Women in the Defence Forces are defying stereotypes

UN Women, in partnership with the Ministry of Defence of Georgia, has been actively working on gender mainstreaming in the ministry for more than a decade. This was the very purpose of the publication “Women in Service to Georgia”, prepared by UN Women in cooperation with the Ministry of Defence. The brochure showcases the profiles of 13 women in active duty, featuring their stories of courage, bravery, struggle and dedication. These examples clearly demonstrate the significant contributions of women in the advancement of the Georgian Defence Forces. Among them are Private Ana Lekveishvili, a machine gunner, and Sergeant Ekaterine Marikashvili, a senior deminer.


Ana Lekveishvili, Private, Machine gunner. Photo: Ministry of Defence of Georgia
Ana Lekveishvili, Private, Machine gunner. Photo: Ministry of Defence of Georgia

“Yes, women are strong enough to serve in the army” – Ana Lekveishvili, Private, Machine gunner

After graduating from Akaki Tsereteli State University’s Faculty of AgroFood Technology and Expertise in Kutaisi, Ana Lekveishvili then successfully completed the professional programmes required to work in this field. But in 2021, she decided to change her career path and joined the Georgian Defence Forces.

At first glance, though, Ana’s decision actually came as no surprise. Growing up in a military family, she developed a love and respect for the army from early childhood. “In truth, I always dreamed of this career,” Ana explains. “At one point, I finally decided to go for it—to test myself in a completely different field and prove that, yes, women are strong enough to serve in the army.” Although her parents were already quite familiar with military life, Ana’s decision was still difficult for them to accept.

“They did not want their little girl in the army,” she says. “Here and there, I would hear the opinion that a woman’s place is not in the military, but today everything is different. My family is very proud of me and gives me tremendous encouragement to keep going and to advance in my career.”

Today, 24-year-old Ana is working in the position of the 1st fire count number of the 152mm “Msta-B” of the 51st Artillery Battalion of the 5th Artillery Brigade. Her job is to work with the artillery system and participate in both theoretical and practical training exercises. Ana does a difficult job but proves to herself every day that she is more capable than she thinks.

“Serving my country, Georgia, is a great honour for me,” she says. “I will definitely become an officer and will continue my career advancement in this capacity.”

Ekaterine Marikashvili, Sergeant, Senior deminer. Photo: Ministry of Defence of Georgia
Ekaterine Marikashvili, Sergeant, Senior deminer. Photo: Ministry of Defence of Georgia

“Bravery and endurance shouldn’t be attributed to gender” - Ekaterine Marikashvili, Sergeant, Senior deminer

Ekaterine Marikashvili, 48, serves as a Senior Deminer of the 3rd Light Platoon of the Explosive Ordnance Disposal (EOD) Company of the Eastern Command Military-Engineering Battalion. Sergeant Marikashvili’s career choice was dictated by the situation in Georgia in the 1990s, the war in Abkhazia and the severe civil strife. “It was then that I first developed a strong wish to contribute to the well-being of my homeland,” she recalls.
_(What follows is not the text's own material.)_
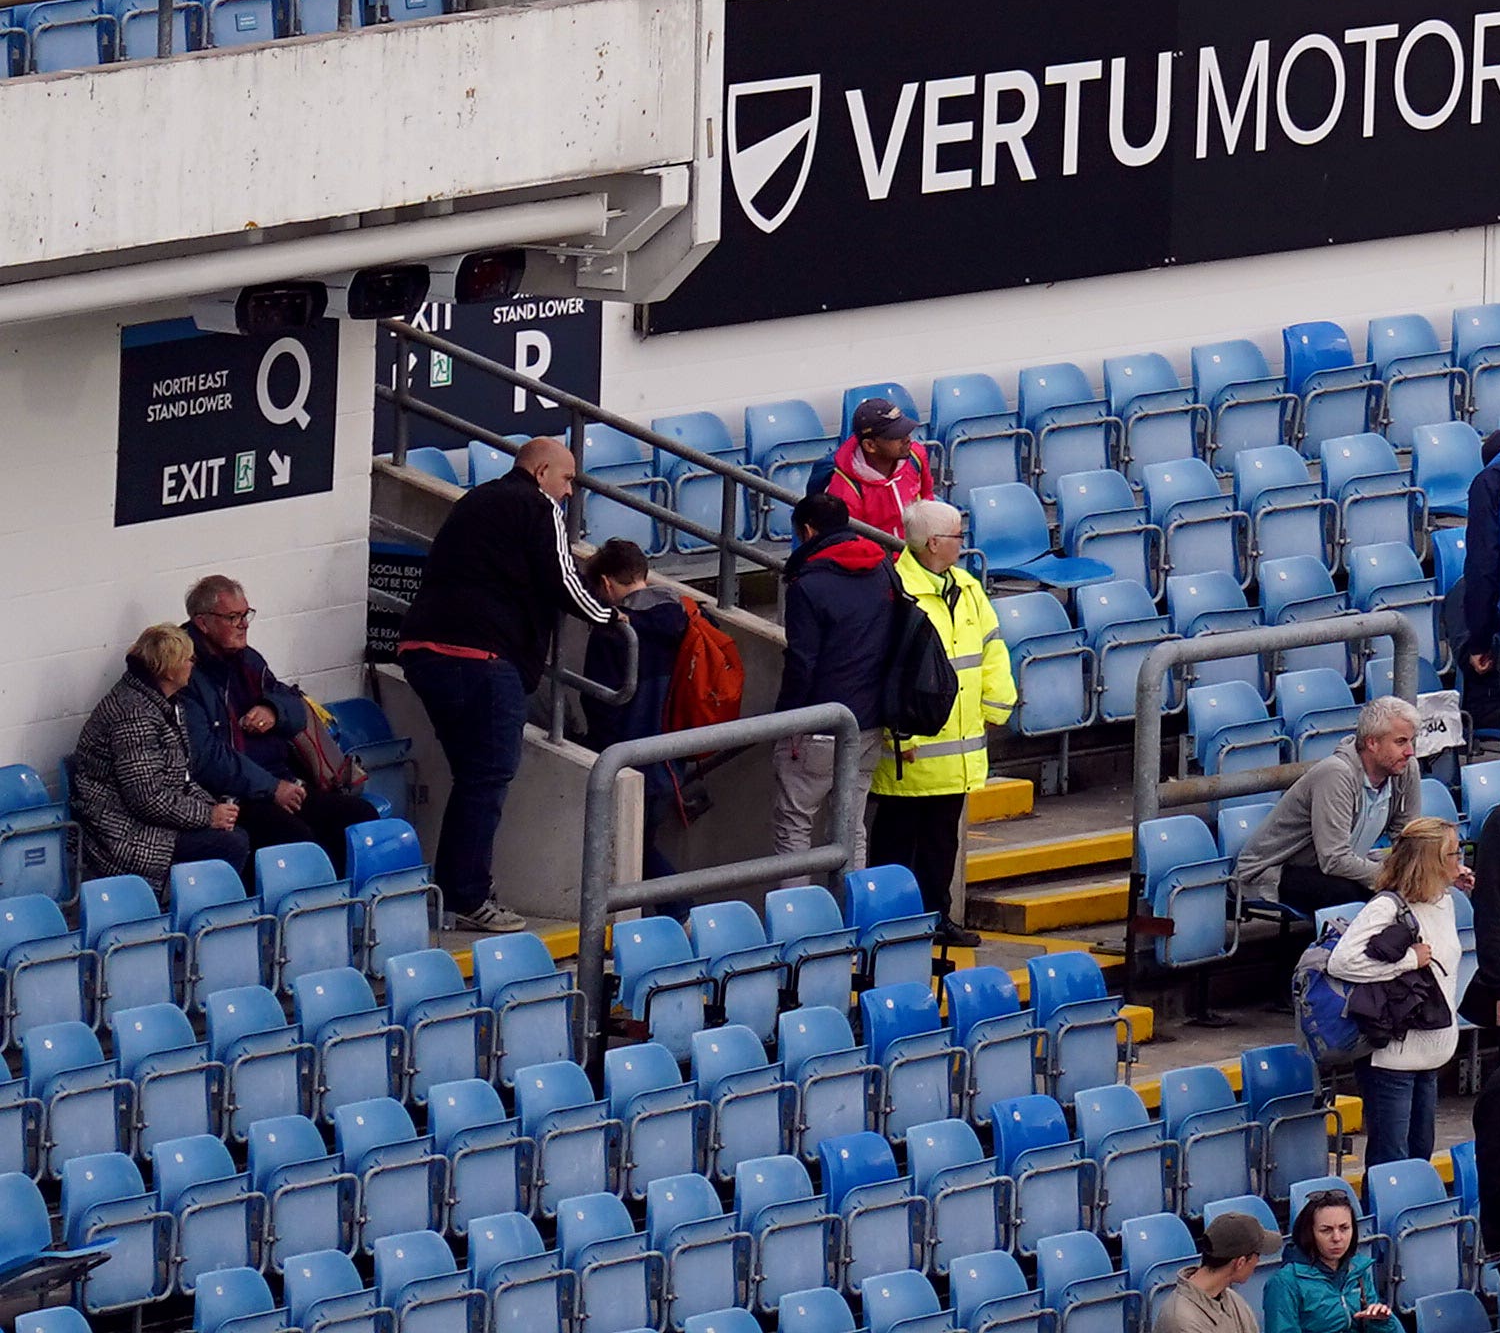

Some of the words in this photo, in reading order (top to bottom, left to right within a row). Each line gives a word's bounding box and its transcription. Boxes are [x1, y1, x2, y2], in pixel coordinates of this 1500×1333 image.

Ekaterine’s job is to inspect demined areas and monitor quality. She has to constantly come into contact with hazardous munitions, which is one of the most difficult operations. “I decided to serve in the Explosive Ordnance Disposal Company to be able to do combat missions for my homeland even during peacetime,” says Sergeant Marikashvili, who is particularly proud of her choice.

Ekaterine’s profession has always been highly respected and positively received by the public, although she has often heard gender stereotypes within the military: “There is less trust in women around the world today, which results in fewer opportunities for their career advancement. But this is undoubtedly a mistake, as bravery and endurance shouldn’t be attributed to gender.” And truly, her everyday devoted work serves as the best confirmation of her words.

The publication “Women in Service to Georgia” was prepared within the framework of the UN Women project “Accelerating Implementation of the Women, Peace and Security Agenda in Georgia”, generously funded by the Conflict, Stability and Security Fund of the UK Government and the UK Ministry of Defence.